**What the exercise asks**
The data needs to be returned in full, exactly as it reads.

[Source material]

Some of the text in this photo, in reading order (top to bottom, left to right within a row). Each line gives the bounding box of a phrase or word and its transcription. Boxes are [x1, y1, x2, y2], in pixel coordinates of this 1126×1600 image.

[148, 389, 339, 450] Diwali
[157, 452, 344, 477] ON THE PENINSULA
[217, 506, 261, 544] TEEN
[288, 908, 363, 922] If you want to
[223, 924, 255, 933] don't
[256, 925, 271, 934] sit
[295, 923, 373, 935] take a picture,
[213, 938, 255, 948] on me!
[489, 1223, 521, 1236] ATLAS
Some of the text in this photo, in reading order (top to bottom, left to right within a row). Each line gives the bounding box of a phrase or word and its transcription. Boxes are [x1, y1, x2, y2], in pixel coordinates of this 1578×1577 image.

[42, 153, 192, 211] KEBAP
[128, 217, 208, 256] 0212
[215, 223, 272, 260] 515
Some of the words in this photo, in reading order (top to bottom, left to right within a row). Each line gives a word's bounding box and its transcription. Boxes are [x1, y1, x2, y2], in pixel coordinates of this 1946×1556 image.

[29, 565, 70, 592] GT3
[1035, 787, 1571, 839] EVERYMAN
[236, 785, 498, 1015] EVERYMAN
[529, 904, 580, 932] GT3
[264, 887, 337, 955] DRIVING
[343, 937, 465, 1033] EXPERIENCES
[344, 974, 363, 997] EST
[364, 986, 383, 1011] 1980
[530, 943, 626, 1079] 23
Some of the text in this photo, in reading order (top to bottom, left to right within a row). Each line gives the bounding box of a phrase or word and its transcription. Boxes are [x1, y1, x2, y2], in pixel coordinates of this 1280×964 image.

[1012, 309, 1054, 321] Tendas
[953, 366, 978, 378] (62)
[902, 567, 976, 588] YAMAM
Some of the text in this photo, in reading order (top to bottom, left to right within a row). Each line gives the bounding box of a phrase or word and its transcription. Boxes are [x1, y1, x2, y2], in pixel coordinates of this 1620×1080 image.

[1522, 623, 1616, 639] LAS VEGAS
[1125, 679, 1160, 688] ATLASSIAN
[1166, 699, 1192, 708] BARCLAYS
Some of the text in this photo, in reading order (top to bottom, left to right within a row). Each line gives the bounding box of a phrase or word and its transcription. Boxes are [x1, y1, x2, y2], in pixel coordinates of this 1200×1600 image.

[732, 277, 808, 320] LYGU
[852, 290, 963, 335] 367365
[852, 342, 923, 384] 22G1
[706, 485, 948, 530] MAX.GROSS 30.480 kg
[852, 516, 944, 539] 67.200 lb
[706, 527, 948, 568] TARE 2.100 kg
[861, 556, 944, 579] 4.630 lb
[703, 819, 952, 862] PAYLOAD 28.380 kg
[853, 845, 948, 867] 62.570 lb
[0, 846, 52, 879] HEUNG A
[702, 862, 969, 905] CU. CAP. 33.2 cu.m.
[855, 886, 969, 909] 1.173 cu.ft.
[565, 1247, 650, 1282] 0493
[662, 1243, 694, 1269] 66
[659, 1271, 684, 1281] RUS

[/Source material]

**Completed exercise**
Some of the text in this photo, in reading order (top to bottom, left to right within a row). Each line gives the bounding box of a phrase or word and its transcription. Boxes are [x1, y1, x2, y2], in pixel coordinates of this 1126×1600 image.

[148, 389, 339, 450] Diwali
[157, 452, 344, 477] ON THE PENINSULA
[217, 506, 261, 544] TEEN
[288, 908, 363, 922] If you want to
[223, 924, 255, 933] don't
[256, 925, 271, 934] sit
[295, 923, 373, 935] take a picture,
[213, 938, 255, 948] on me!
[489, 1223, 521, 1236] ATLAS
Some of the text in this photo, in reading order (top to bottom, left to right within a row). Each line gives the bounding box of a phrase or word and its transcription. Boxes are [x1, y1, x2, y2], in pixel coordinates of this 1578×1577 image.

[42, 153, 192, 211] KEBAP
[128, 217, 208, 256] 0212
[215, 223, 272, 260] 515
Some of the words in this photo, in reading order (top to bottom, left to right within a row). Each line gives a word's bounding box and its transcription. Boxes are [x1, y1, x2, y2], in pixel coordinates of this 1946×1556 image.

[29, 565, 70, 592] GT3
[1035, 787, 1571, 839] EVERYMAN
[236, 785, 498, 1015] EVERYMAN
[529, 904, 580, 932] GT3
[264, 887, 337, 955] DRIVING
[343, 937, 465, 1033] EXPERIENCES
[344, 974, 363, 997] EST
[364, 986, 383, 1011] 1980
[530, 943, 626, 1079] 23
Some of the text in this photo, in reading order (top to bottom, left to right within a row). Each line gives the bounding box of a phrase or word and its transcription. Boxes are [x1, y1, x2, y2], in pixel coordinates of this 1280×964 image.

[1012, 309, 1054, 321] Tendas
[953, 366, 978, 378] (62)
[902, 567, 976, 588] YAMAM
Some of the text in this photo, in reading order (top to bottom, left to right within a row). Each line gives the bounding box of a phrase or word and its transcription. Boxes are [x1, y1, x2, y2], in pixel coordinates of this 1620×1080 image.

[1522, 623, 1616, 639] LAS VEGAS
[1125, 679, 1160, 688] ATLASSIAN
[1166, 699, 1192, 708] BARCLAYS
Some of the text in this photo, in reading order (top to bottom, left to right within a row). Each line gives the bounding box of a phrase or word and its transcription. Boxes are [x1, y1, x2, y2], in pixel coordinates of this 1200×1600 image.

[732, 277, 808, 320] LYGU
[852, 290, 963, 335] 367365
[852, 342, 923, 384] 22G1
[706, 485, 948, 530] MAX.GROSS 30.480 kg
[852, 516, 944, 539] 67.200 lb
[706, 527, 948, 568] TARE 2.100 kg
[861, 556, 944, 579] 4.630 lb
[703, 819, 952, 862] PAYLOAD 28.380 kg
[853, 845, 948, 867] 62.570 lb
[0, 846, 52, 879] HEUNG A
[702, 862, 969, 905] CU. CAP. 33.2 cu.m.
[855, 886, 969, 909] 1.173 cu.ft.
[565, 1247, 650, 1282] 0493
[662, 1243, 694, 1269] 66
[659, 1271, 684, 1281] RUS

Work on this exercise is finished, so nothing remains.